落款には「金門畫史 狩野縫殿助永岳洗手謹写」とあり、「永岳」の朱文白釣鐘印と「□□□」の白文朱方印が押印されています。

「金門畫史」とあることから、57歳(1847年)以降の作品と推察されます。こういうことは掛け軸を購入するときには知識として必要です。
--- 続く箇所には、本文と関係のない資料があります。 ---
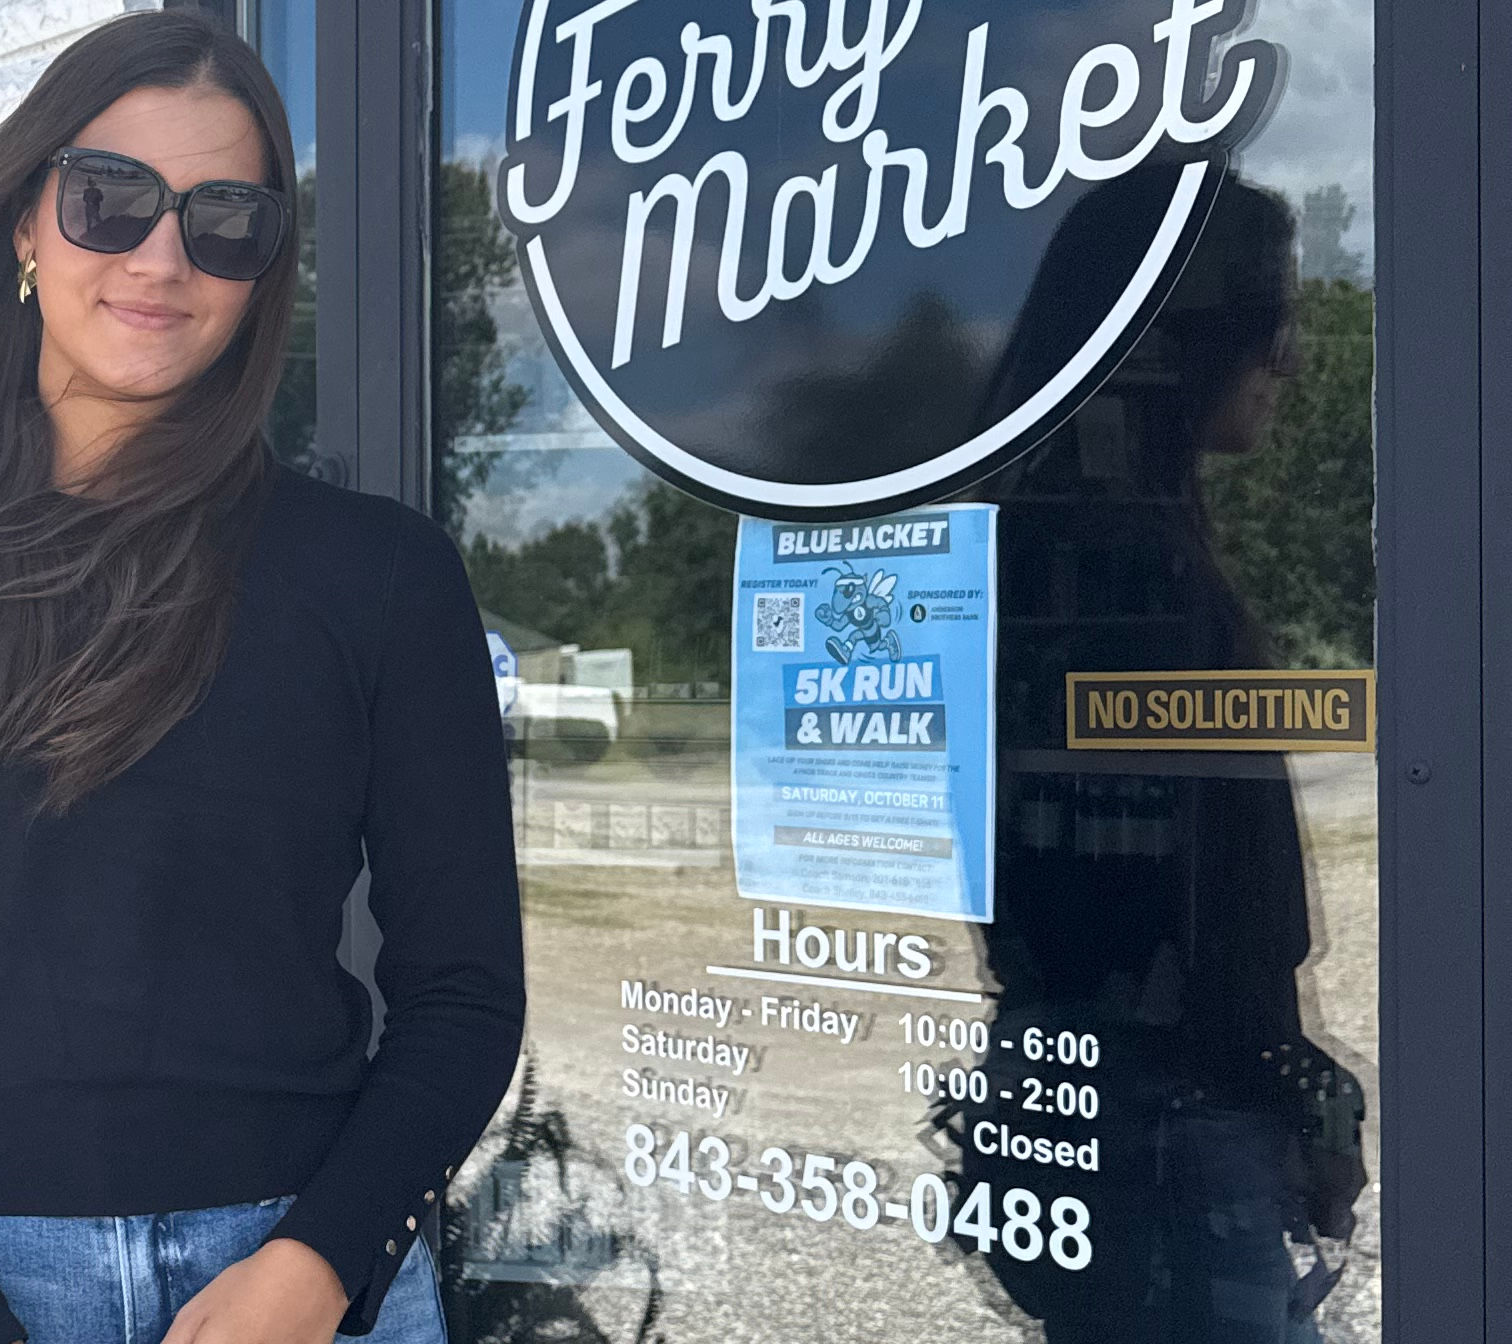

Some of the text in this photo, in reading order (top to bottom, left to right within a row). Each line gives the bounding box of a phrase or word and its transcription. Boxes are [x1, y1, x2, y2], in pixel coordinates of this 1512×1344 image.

[777, 521, 948, 556] BLUE JACKET
[741, 578, 818, 589] REGISTER TODAY!
[907, 589, 984, 600] SPONSORED BY:
[794, 661, 933, 704] 5K RUN
[796, 712, 934, 745] & WALK
[1088, 688, 1350, 730] NO SOLICITING
[781, 786, 944, 809] SATURDAY, OCTOBER 11
[803, 832, 924, 852] ALL AGES WELCOME!
[753, 907, 931, 979] Hours
[620, 980, 732, 1027] Monday
[761, 996, 859, 1044] Friday
[898, 1012, 988, 1054] 10:00
[1022, 1027, 1100, 1068] 6:00
[621, 1024, 749, 1075] Saturday
[898, 1061, 988, 1104] 10:00
[1022, 1078, 1100, 1120] 2:00
[621, 1069, 1100, 1172] Sunday Closed
[624, 1123, 1093, 1271] 843-358-0488
井伊家の菩堤寺である清凉寺に伝わる「井伊直弼」の肖像画は永岳が画いたとされ、本作品は同じく「井伊直弼」を描いた作品可能性があります。そうであれば、安政7年(1860年)に井伊直弼が暗殺されており、その前後の作品ではないかとも推察されますが、描かれている人物が少し老けているのが気にかかります





数多くの肖像画を狩野永岳が描いており、本作品を井伊直弼像とするか否かは後学とします。「九条尚忠」を描いた作品である可能性もありますが、誰の肖像か、はたまた菅原道真像か今のところ判断できかねています。

どなたか詳しい方がおられれば、ご指導をお願いします。



数多くの掛け軸から真作を探し出すひとつの方法に表具の感触というものがあります。良き家に伝わった表具は巻いた状態で触ってみてすぐにある程度はわかります。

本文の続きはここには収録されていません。